Music News

Songbird

Even though Jolie Holland pads her nest with jazz, folk and blues, she can't be pigeonholed. Sometimes the 29-year-old singer-songwriter hunts for a new morning worm in the form of gospel, swing, lounge music or the occasional Civil War anthem. You might say she's a weird bird.

Then again, Holland has studied the peculiarities of feathered creatures for most of her life. She could probably tell you why swans are monogamous, why hummingbirds fly upside down, or how a blue-footed booby dances in order to woo its mate. Once, in the park, Holland found a cockatiel that she admits was "like a little dog; it had this amazing personality and liked to get its head scratched." And though she grew up in Texas surrounded by mockingbirds, the former animal-shelter employee can imitate the call of a whippoorwill like nobody's business.

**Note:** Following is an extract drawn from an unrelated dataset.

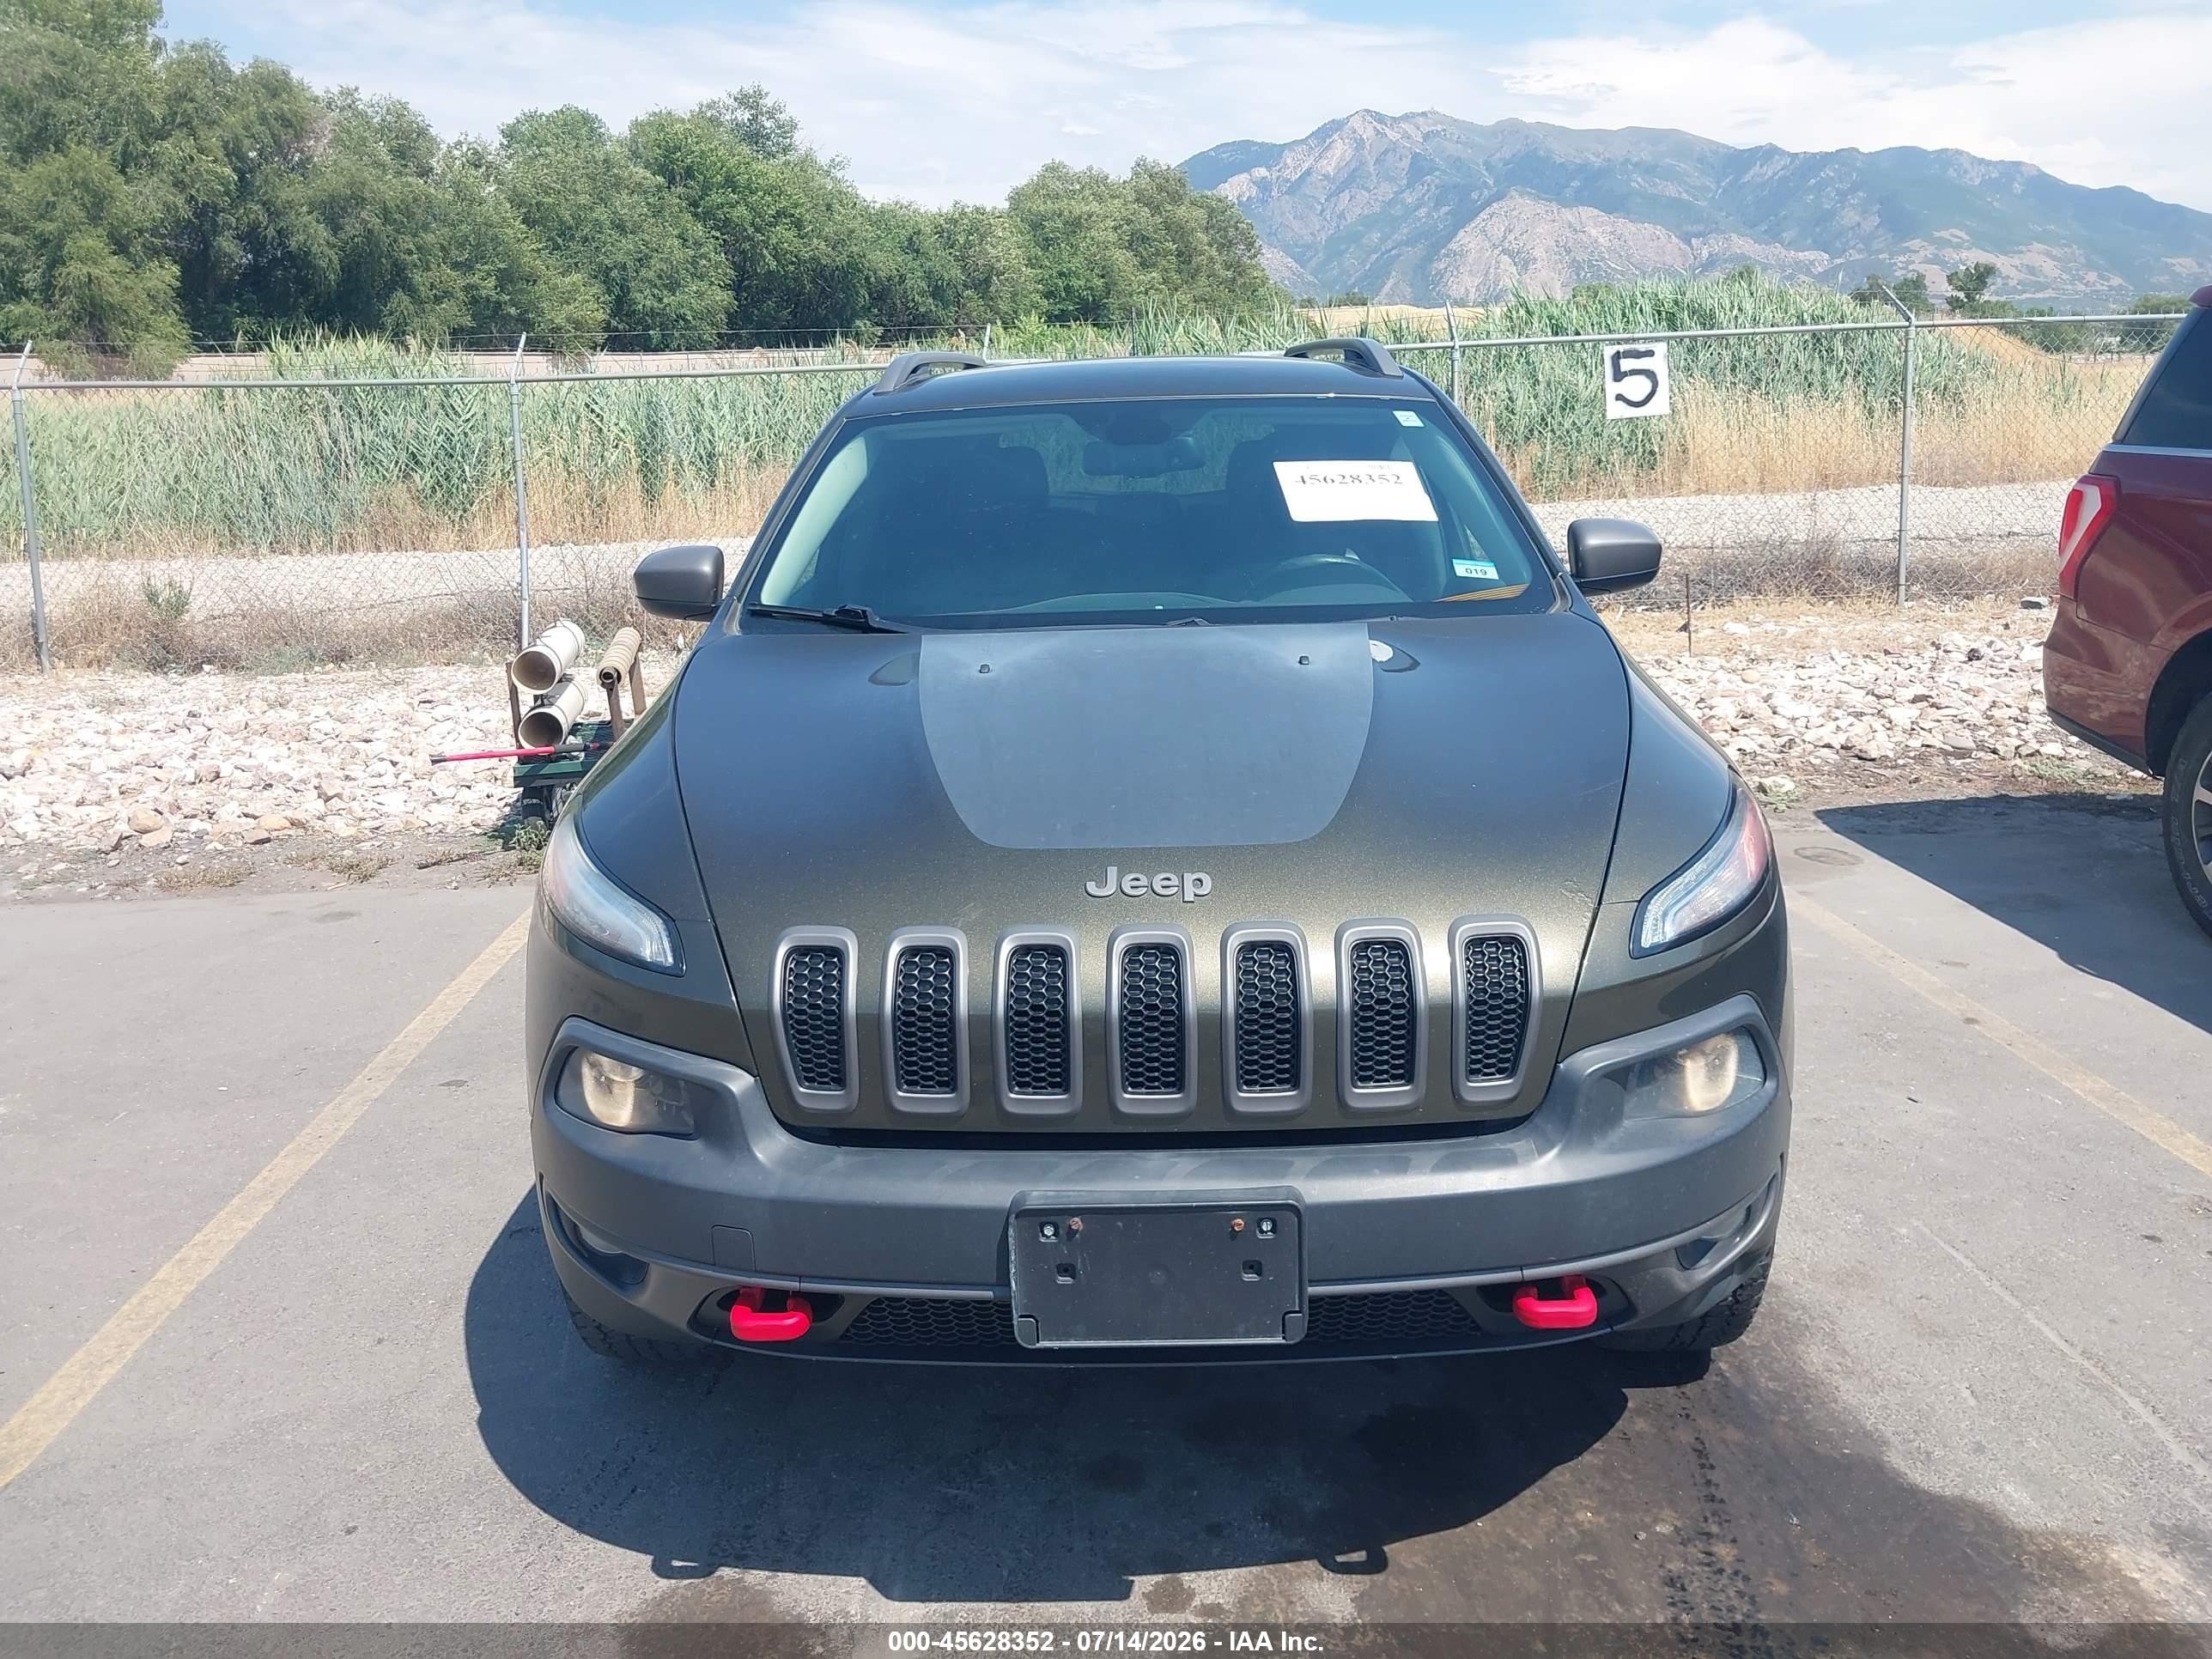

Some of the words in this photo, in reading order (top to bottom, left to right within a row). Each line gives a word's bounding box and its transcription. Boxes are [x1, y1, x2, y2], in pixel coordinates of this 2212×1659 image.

Then there's Holland's remarkable singing voice: serene, twangy, and as pure as well water. With a multi-octave range developed through unschooled methods ("I didn't learn it," she insists. "I created it from years of trying to make something different"), Holland sounds more old-timey than contemporary -- more like the product of a tarpaper shack in Virginia than of a Houston suburb. Her unique vocal abilities also draw frequent comparisons to Billie Holiday.

"I'm a way bigger fan of Memphis Minnie than Billie Holiday," Holland admits. "She wasn't a pretty singer, but Memphis Minnie was actually one of the best guitar-pickers around and really better than a lot of the guys. I'm not really influenced by that many women. In terms of singers, it's Blind Willie McTell, Willie Nelson and Davíd Garza. They're always completely sincere, and sincerity comes first. Another singer whom I could probably say had a big influence on me is Shane MacGowan. He's so direct and forceful.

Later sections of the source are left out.